• _WORK REQUEST_: Output, exactly and in full, the entries that appear below.

• _RECORDED INFORMATION_:
########################################
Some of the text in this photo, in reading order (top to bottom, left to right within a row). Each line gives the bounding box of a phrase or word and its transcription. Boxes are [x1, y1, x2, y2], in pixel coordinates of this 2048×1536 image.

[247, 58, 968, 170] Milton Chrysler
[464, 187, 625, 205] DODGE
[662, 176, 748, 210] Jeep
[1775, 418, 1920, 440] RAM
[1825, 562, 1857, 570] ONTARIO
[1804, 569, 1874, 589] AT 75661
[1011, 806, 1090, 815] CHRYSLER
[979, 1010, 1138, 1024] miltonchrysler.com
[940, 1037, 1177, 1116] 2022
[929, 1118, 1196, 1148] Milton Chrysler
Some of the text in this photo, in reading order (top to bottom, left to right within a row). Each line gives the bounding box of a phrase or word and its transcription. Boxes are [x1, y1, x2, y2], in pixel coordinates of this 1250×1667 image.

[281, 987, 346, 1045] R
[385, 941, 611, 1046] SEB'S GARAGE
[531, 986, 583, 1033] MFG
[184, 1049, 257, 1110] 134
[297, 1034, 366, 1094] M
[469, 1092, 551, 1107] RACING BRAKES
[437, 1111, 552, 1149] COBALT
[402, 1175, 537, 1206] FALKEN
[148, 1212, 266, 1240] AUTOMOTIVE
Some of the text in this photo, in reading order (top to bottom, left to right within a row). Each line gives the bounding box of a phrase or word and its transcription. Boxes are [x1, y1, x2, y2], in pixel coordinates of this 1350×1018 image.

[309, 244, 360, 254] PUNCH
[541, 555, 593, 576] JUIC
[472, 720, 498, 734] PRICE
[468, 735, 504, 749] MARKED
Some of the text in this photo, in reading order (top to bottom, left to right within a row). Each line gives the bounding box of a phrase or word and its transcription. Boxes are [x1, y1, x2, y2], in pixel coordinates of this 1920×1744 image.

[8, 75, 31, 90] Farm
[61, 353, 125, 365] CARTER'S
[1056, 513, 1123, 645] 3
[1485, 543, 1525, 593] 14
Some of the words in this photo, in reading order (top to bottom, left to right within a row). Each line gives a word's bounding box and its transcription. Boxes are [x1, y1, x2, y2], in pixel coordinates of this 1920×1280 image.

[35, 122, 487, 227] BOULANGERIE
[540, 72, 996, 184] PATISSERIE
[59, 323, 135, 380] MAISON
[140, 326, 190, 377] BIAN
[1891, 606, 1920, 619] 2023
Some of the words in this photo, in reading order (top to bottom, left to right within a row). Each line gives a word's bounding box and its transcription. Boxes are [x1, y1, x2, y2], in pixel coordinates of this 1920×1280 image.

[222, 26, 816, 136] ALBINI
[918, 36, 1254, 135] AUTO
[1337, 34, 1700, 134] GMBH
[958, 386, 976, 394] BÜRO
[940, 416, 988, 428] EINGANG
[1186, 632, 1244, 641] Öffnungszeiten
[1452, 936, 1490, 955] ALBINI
########################################
• _RESPONSE AREA_:
Some of the text in this photo, in reading order (top to bottom, left to right within a row). Each line gives the bounding box of a phrase or word and its transcription. Boxes are [x1, y1, x2, y2], in pixel coordinates of this 2048×1536 image.

[247, 58, 968, 170] Milton Chrysler
[464, 187, 625, 205] DODGE
[662, 176, 748, 210] Jeep
[1775, 418, 1920, 440] RAM
[1825, 562, 1857, 570] ONTARIO
[1804, 569, 1874, 589] AT 75661
[1011, 806, 1090, 815] CHRYSLER
[979, 1010, 1138, 1024] miltonchrysler.com
[940, 1037, 1177, 1116] 2022
[929, 1118, 1196, 1148] Milton Chrysler
Some of the text in this photo, in reading order (top to bottom, left to right within a row). Each line gives the bounding box of a phrase or word and its transcription. Boxes are [x1, y1, x2, y2], in pixel coordinates of this 1250×1667 image.

[281, 987, 346, 1045] R
[385, 941, 611, 1046] SEB'S GARAGE
[531, 986, 583, 1033] MFG
[184, 1049, 257, 1110] 134
[297, 1034, 366, 1094] M
[469, 1092, 551, 1107] RACING BRAKES
[437, 1111, 552, 1149] COBALT
[402, 1175, 537, 1206] FALKEN
[148, 1212, 266, 1240] AUTOMOTIVE
Some of the text in this photo, in reading order (top to bottom, left to right within a row). Each line gives the bounding box of a phrase or word and its transcription. Boxes are [x1, y1, x2, y2], in pixel coordinates of this 1350×1018 image.

[309, 244, 360, 254] PUNCH
[541, 555, 593, 576] JUIC
[472, 720, 498, 734] PRICE
[468, 735, 504, 749] MARKED
Some of the text in this photo, in reading order (top to bottom, left to right within a row). Each line gives the bounding box of a phrase or word and its transcription. Boxes are [x1, y1, x2, y2], in pixel coordinates of this 1920×1744 image.

[8, 75, 31, 90] Farm
[61, 353, 125, 365] CARTER'S
[1056, 513, 1123, 645] 3
[1485, 543, 1525, 593] 14
Some of the words in this photo, in reading order (top to bottom, left to right within a row). Each line gives a word's bounding box and its transcription. Boxes are [x1, y1, x2, y2], in pixel coordinates of this 1920×1280 image.

[35, 122, 487, 227] BOULANGERIE
[540, 72, 996, 184] PATISSERIE
[59, 323, 135, 380] MAISON
[140, 326, 190, 377] BIAN
[1891, 606, 1920, 619] 2023
Some of the words in this photo, in reading order (top to bottom, left to right within a row). Each line gives a word's bounding box and its transcription. Boxes are [x1, y1, x2, y2], in pixel coordinates of this 1920×1280 image.

[222, 26, 816, 136] ALBINI
[918, 36, 1254, 135] AUTO
[1337, 34, 1700, 134] GMBH
[958, 386, 976, 394] BÜRO
[940, 416, 988, 428] EINGANG
[1186, 632, 1244, 641] Öffnungszeiten
[1452, 936, 1490, 955] ALBINI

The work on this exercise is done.